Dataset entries

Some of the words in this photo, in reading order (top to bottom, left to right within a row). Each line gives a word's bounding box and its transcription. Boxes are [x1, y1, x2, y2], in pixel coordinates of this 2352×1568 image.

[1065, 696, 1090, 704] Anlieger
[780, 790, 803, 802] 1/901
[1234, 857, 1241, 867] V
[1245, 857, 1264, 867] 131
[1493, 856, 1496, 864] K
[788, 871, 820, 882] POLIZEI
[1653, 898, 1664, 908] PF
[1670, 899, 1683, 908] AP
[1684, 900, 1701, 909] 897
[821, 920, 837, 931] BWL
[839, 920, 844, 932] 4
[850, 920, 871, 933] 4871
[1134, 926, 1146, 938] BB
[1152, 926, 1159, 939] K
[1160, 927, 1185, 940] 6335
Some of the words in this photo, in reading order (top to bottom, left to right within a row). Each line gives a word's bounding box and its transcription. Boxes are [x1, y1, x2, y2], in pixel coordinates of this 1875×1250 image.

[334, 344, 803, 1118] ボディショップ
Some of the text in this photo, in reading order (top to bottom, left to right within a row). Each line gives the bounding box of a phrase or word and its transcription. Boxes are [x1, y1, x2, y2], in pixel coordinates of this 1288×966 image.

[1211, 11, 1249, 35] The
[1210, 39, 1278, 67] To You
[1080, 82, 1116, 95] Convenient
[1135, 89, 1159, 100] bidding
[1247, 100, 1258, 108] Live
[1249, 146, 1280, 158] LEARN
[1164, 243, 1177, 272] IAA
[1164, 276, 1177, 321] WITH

> EXERCISE GOAL: A verbatim copy of the records above should be returned.

> TASK RESULT:
Some of the words in this photo, in reading order (top to bottom, left to right within a row). Each line gives a word's bounding box and its transcription. Boxes are [x1, y1, x2, y2], in pixel coordinates of this 2352×1568 image.

[1065, 696, 1090, 704] Anlieger
[780, 790, 803, 802] 1/901
[1234, 857, 1241, 867] V
[1245, 857, 1264, 867] 131
[1493, 856, 1496, 864] K
[788, 871, 820, 882] POLIZEI
[1653, 898, 1664, 908] PF
[1670, 899, 1683, 908] AP
[1684, 900, 1701, 909] 897
[821, 920, 837, 931] BWL
[839, 920, 844, 932] 4
[850, 920, 871, 933] 4871
[1134, 926, 1146, 938] BB
[1152, 926, 1159, 939] K
[1160, 927, 1185, 940] 6335
Some of the words in this photo, in reading order (top to bottom, left to right within a row). Each line gives a word's bounding box and its transcription. Boxes are [x1, y1, x2, y2], in pixel coordinates of this 1875×1250 image.

[334, 344, 803, 1118] ボディショップ
Some of the text in this photo, in reading order (top to bottom, left to right within a row). Each line gives the bounding box of a phrase or word and its transcription. Boxes are [x1, y1, x2, y2], in pixel coordinates of this 1288×966 image.

[1211, 11, 1249, 35] The
[1210, 39, 1278, 67] To You
[1080, 82, 1116, 95] Convenient
[1135, 89, 1159, 100] bidding
[1247, 100, 1258, 108] Live
[1249, 146, 1280, 158] LEARN
[1164, 243, 1177, 272] IAA
[1164, 276, 1177, 321] WITH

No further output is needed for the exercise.